El filósofo aceptó la invitación. Cuando penetraban en el oscuro jardín de la casa de Heracles, Diágoras dijo:
– Quería pedirte excusas. Creo que pude haber mostrado mi desacuerdo en el gimnasio de manera mucho más discreta. Lamento haberte herido con ofensas innecesarias…
– Eres mi cliente y me pagas, Diágoras -replicó Heracles con la misma calma de siempre-: Todos los problemas que tengo contigo los considero dentro del negocio. En cuanto a tus excusas, las asumo como un rasgo de amistad. Pero también son innecesarias.
Mientras avanzaban por el jardín, Diágoras pensó: «Qué hombre tan frío. Nada parece rozar su alma. ¿Cómo puede llegar a descubrir la Verdad alguien a quien la Belleza no le importa y la Pasión, ni siquiera de vez en cuando, le arrebata?».
Mientras avanzaban por el jardín, Heracles pensó: «Aún no he determinado con exactitud si este hombre es tan sólo un idealista o si además es idiota. En cualquier caso, ¿cómo puede presumir de haber descubierto la Verdad, si todo cuanto sucede a su alrededor se le pasa desapercibido?». [27]
De repente, la puerta de la casa se abrió con violenta embestida y apareció la oscura silueta de Pónsica. Su máscara sin rasgos permanecía inexpresiva, pero sus delgados brazos se movían con ímpetu inusual frente a su amo.
– ¿Qué ocurre?… Un visitante… -descifró Heracles-. Cálmate… ya sabes que no puedo leerte bien cuando estás nerviosa… Comienza de nuevo… -entonces se escuchó un desagradable bufido proveniente de la oscuridad de la casa; enseguida, ladridos agudísimos-. ¿Qué es eso? -Pónsica movía las manos frenéticamente-. ¿El visitante?… ¿Me visita un perro?… Ah, un hombre con un perro… Pero ¿por qué lo has dejado pasar en mi ausencia?
– Tu esclava no ha tenido la culpa -bramó desde la casa una voz potente con extraño acento-. Pero si deseas castigarla, dímelo y me marcharé.
– Esa voz… -murmuró Heracles-. ¡Por Zeus y Atenea Portaégida…!
El hombre, inmenso, surgió con ímpetu del umbral. No podía saberse si sonreía, pues su barba era muy espesa. Un perro pequeño, aunque espantoso y de cabeza deforme, apareció ladrando a sus pies.

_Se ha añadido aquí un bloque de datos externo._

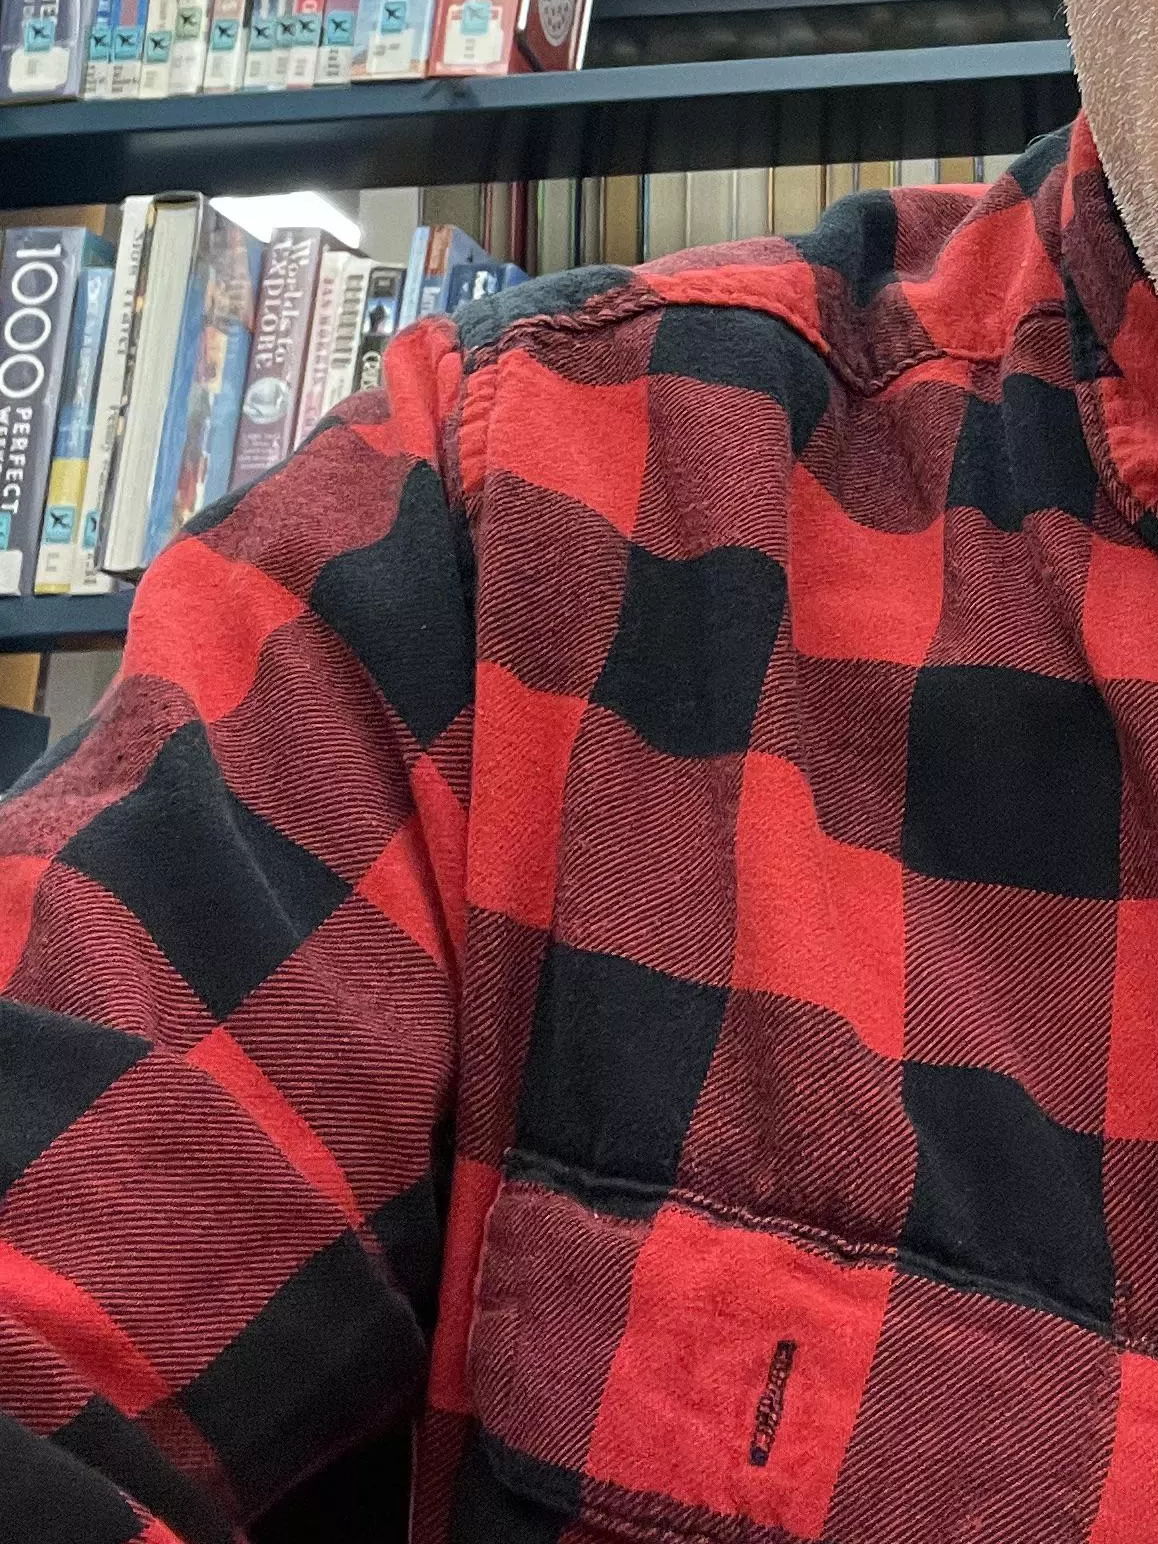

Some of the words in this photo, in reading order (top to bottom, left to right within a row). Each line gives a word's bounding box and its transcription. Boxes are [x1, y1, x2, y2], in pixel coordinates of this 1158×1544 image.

– Quizá no reconozcas mi rostro, Heracles -dijo el hombre-, pero supongo que no has olvidado mi mano derecha…
Alzó la mano con la palma abierta: un poco por encima de la muñeca se retorcía la piel, horadada por un violento nudo de cicatrices, como el lomo de un viejo animal.

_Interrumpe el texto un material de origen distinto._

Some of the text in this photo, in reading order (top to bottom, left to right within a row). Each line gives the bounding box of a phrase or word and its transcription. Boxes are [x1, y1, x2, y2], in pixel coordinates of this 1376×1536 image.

[25] La intensidad de la eidesis en este capítulo afecta por completo al lugar en que se desarrollan las escenas: la palestra ha quedado destrozada y «cubierta de escombros» por el paso de la «bestia» literaria, y el público que la abarrotaba parece haber desaparecido. Jamás había visto una catástrofe eidética de tal naturaleza en toda mi vida de traductor. Es evidente que al anónimo autor de
[26] Le gusta jugar, al autor, con sus lectores. ¡Aquí está, disimulada pero identificable, la prueba de que yo tenía tazón: la «muchacha del lirio» es otra importantísima imagen eidética de la obra! No sé lo que significa, pero aquí está (su presencia es inequívoca: véase la proximidad de la palabra «lirios» junto a la detallada descripción del gesto de esa «muchacha» pintada en un pedazo de vasija enterrado). El hallazgo me ha conmovido hasta las lágrimas, debo reconocerlo. He interrumpido la traducción y me he dirigido a casa de Elio. Le he comentado la posibilidad de acceder al manuscrito original de
– Una muchacha pide ayuda en el texto -le dije.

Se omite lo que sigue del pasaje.